[Records Boundary: Start]

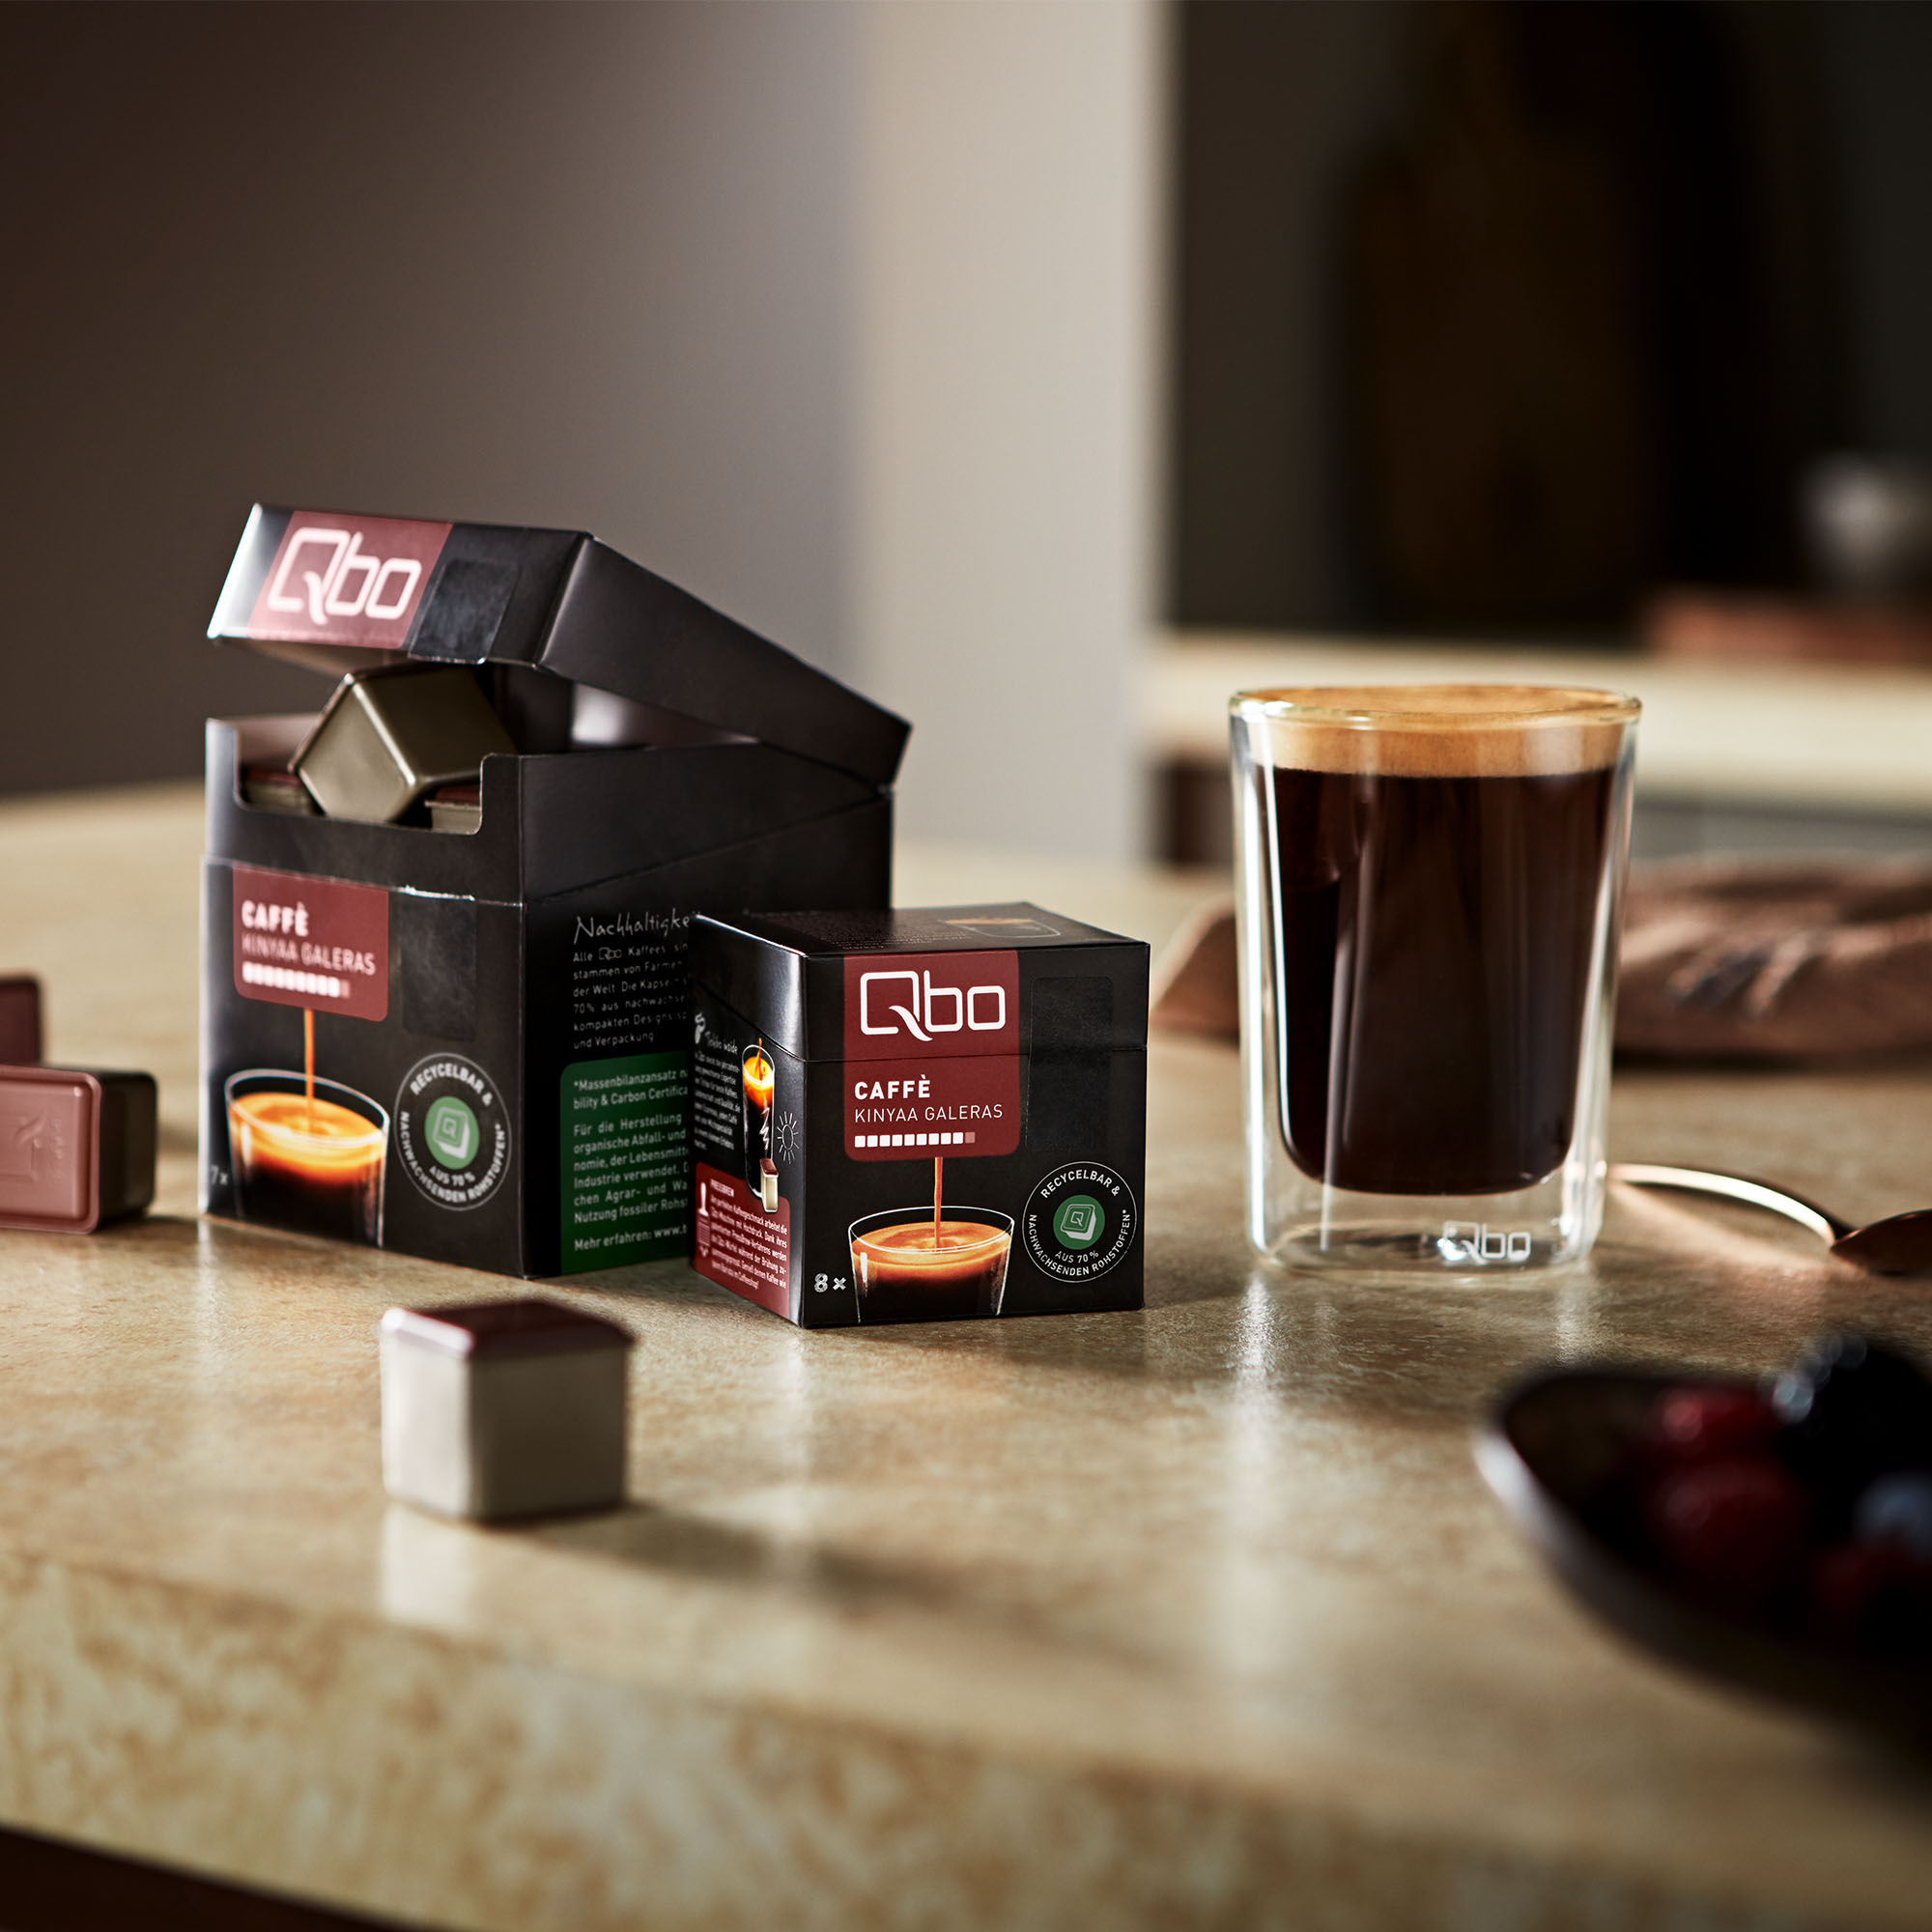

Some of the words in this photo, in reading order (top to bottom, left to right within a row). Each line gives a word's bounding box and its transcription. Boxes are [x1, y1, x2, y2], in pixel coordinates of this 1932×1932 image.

[267, 526, 422, 625] Qbo
[242, 900, 309, 937] CAFFÈ
[573, 907, 700, 946] Nachhaltigke
[242, 933, 298, 963] KINYAA
[301, 941, 376, 977] GALERAS
[573, 952, 593, 963] Alle
[573, 967, 620, 980] stammen
[623, 966, 641, 976] von
[573, 986, 589, 998] der
[601, 1002, 619, 1012] aus
[860, 969, 1006, 1042] Qbo
[573, 1018, 630, 1032] kompakten
[573, 1037, 592, 1050] und
[411, 1063, 484, 1095] RECYCELBAR
[481, 1089, 493, 1106] &
[854, 1074, 931, 1100] CAFFÈ
[573, 1095, 598, 1111] bility
[600, 1094, 609, 1107] &
[610, 1091, 646, 1105] Carbon
[854, 1107, 918, 1123] KINYAA
[924, 1103, 1003, 1122] GALERAS
[573, 1122, 592, 1137] Für
[598, 1120, 614, 1133] die
[619, 1113, 682, 1130] Herstellung
[573, 1137, 630, 1156] organische
[631, 1130, 666, 1147] Abfall-
[667, 1126, 687, 1141] und
[401, 1111, 467, 1203] NACHWACHSENDEN
[573, 1156, 609, 1173] nomie,
[610, 1153, 628, 1167] der
[573, 1171, 621, 1190] Industrie
[622, 1164, 680, 1181] verwendet.
[1040, 1169, 1113, 1199] RECYCELBAR
[1111, 1185, 1121, 1197] &
[573, 1193, 600, 1208] chen
[605, 1188, 640, 1206] Agrar-
[646, 1181, 667, 1197] und
[574, 1208, 617, 1225] Nutzung
[618, 1201, 659, 1217] fossiler
[574, 1236, 602, 1252] Mehr
[602, 1231, 652, 1247] erfahren:
[764, 1231, 775, 1244] Dank
[776, 1236, 787, 1249] ihres
[1028, 1214, 1090, 1276] NACHWACHSENDEN
[1441, 1220, 1532, 1266] Qbo
[772, 1249, 787, 1263] werden
[1055, 1250, 1074, 1264] AUS
[813, 1273, 829, 1293] 8

[Records Boundary: End]

**What you need to do:**
Print all entries exactly, without images.

**Answer to the problem:**
Some of the words in this photo, in reading order (top to bottom, left to right within a row). Each line gives a word's bounding box and its transcription. Boxes are [x1, y1, x2, y2], in pixel coordinates of this 1932×1932 image.

[267, 526, 422, 625] Qbo
[242, 900, 309, 937] CAFFÈ
[573, 907, 700, 946] Nachhaltigke
[242, 933, 298, 963] KINYAA
[301, 941, 376, 977] GALERAS
[573, 952, 593, 963] Alle
[573, 967, 620, 980] stammen
[623, 966, 641, 976] von
[573, 986, 589, 998] der
[601, 1002, 619, 1012] aus
[860, 969, 1006, 1042] Qbo
[573, 1018, 630, 1032] kompakten
[573, 1037, 592, 1050] und
[411, 1063, 484, 1095] RECYCELBAR
[481, 1089, 493, 1106] &
[854, 1074, 931, 1100] CAFFÈ
[573, 1095, 598, 1111] bility
[600, 1094, 609, 1107] &
[610, 1091, 646, 1105] Carbon
[854, 1107, 918, 1123] KINYAA
[924, 1103, 1003, 1122] GALERAS
[573, 1122, 592, 1137] Für
[598, 1120, 614, 1133] die
[619, 1113, 682, 1130] Herstellung
[573, 1137, 630, 1156] organische
[631, 1130, 666, 1147] Abfall-
[667, 1126, 687, 1141] und
[401, 1111, 467, 1203] NACHWACHSENDEN
[573, 1156, 609, 1173] nomie,
[610, 1153, 628, 1167] der
[573, 1171, 621, 1190] Industrie
[622, 1164, 680, 1181] verwendet.
[1040, 1169, 1113, 1199] RECYCELBAR
[1111, 1185, 1121, 1197] &
[573, 1193, 600, 1208] chen
[605, 1188, 640, 1206] Agrar-
[646, 1181, 667, 1197] und
[574, 1208, 617, 1225] Nutzung
[618, 1201, 659, 1217] fossiler
[574, 1236, 602, 1252] Mehr
[602, 1231, 652, 1247] erfahren:
[764, 1231, 775, 1244] Dank
[776, 1236, 787, 1249] ihres
[1028, 1214, 1090, 1276] NACHWACHSENDEN
[1441, 1220, 1532, 1266] Qbo
[772, 1249, 787, 1263] werden
[1055, 1250, 1074, 1264] AUS
[813, 1273, 829, 1293] 8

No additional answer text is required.